ABOUT THIS EXERCISE: Would you print all of the records below exactly, without skipping any?

EXERCISE DATA:
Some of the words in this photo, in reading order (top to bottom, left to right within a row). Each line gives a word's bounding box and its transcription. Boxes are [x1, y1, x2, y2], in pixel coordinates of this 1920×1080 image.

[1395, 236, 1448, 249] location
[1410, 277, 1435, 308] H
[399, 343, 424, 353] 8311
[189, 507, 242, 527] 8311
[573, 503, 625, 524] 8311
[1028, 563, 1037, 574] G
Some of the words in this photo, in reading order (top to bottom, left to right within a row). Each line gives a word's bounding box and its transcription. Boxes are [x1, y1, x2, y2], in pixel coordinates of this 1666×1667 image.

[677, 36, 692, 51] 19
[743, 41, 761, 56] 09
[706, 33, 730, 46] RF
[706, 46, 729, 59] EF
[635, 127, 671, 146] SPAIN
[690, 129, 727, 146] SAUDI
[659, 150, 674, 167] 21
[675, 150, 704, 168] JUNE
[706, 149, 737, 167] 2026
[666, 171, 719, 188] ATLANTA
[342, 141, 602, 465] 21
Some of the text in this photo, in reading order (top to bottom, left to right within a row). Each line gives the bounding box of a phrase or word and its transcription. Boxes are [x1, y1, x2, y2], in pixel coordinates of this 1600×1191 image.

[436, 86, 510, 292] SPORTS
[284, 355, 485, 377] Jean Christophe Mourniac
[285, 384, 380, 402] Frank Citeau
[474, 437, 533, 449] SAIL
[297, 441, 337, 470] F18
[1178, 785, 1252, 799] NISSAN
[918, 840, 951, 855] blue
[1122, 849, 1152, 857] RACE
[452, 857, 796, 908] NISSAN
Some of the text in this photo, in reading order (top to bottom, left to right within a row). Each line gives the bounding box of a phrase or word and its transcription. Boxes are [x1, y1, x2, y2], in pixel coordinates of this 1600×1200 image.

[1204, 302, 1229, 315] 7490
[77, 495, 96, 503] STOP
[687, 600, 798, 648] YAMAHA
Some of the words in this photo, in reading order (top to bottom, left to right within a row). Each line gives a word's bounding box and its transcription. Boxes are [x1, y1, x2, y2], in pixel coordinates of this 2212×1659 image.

RESPONSE:
Some of the words in this photo, in reading order (top to bottom, left to right within a row). Each line gives a word's bounding box and its transcription. Boxes are [x1, y1, x2, y2], in pixel coordinates of this 1920×1080 image.

[1395, 236, 1448, 249] location
[1410, 277, 1435, 308] H
[399, 343, 424, 353] 8311
[189, 507, 242, 527] 8311
[573, 503, 625, 524] 8311
[1028, 563, 1037, 574] G
Some of the words in this photo, in reading order (top to bottom, left to right within a row). Each line gives a word's bounding box and its transcription. Boxes are [x1, y1, x2, y2], in pixel coordinates of this 1666×1667 image.

[677, 36, 692, 51] 19
[743, 41, 761, 56] 09
[706, 33, 730, 46] RF
[706, 46, 729, 59] EF
[635, 127, 671, 146] SPAIN
[690, 129, 727, 146] SAUDI
[659, 150, 674, 167] 21
[675, 150, 704, 168] JUNE
[706, 149, 737, 167] 2026
[666, 171, 719, 188] ATLANTA
[342, 141, 602, 465] 21
Some of the text in this photo, in reading order (top to bottom, left to right within a row). Each line gives the bounding box of a phrase or word and its transcription. Boxes are [x1, y1, x2, y2], in pixel coordinates of this 1600×1191 image.

[436, 86, 510, 292] SPORTS
[284, 355, 485, 377] Jean Christophe Mourniac
[285, 384, 380, 402] Frank Citeau
[474, 437, 533, 449] SAIL
[297, 441, 337, 470] F18
[1178, 785, 1252, 799] NISSAN
[918, 840, 951, 855] blue
[1122, 849, 1152, 857] RACE
[452, 857, 796, 908] NISSAN
Some of the text in this photo, in reading order (top to bottom, left to right within a row). Each line gives the bounding box of a phrase or word and its transcription. Boxes are [x1, y1, x2, y2], in pixel coordinates of this 1600×1200 image.

[1204, 302, 1229, 315] 7490
[77, 495, 96, 503] STOP
[687, 600, 798, 648] YAMAHA
Some of the words in this photo, in reading order (top to bottom, left to right within a row). Each line gives a word's bounding box and its transcription. Boxes are [x1, y1, x2, y2], in pixel coordinates of this 2212×1659 image.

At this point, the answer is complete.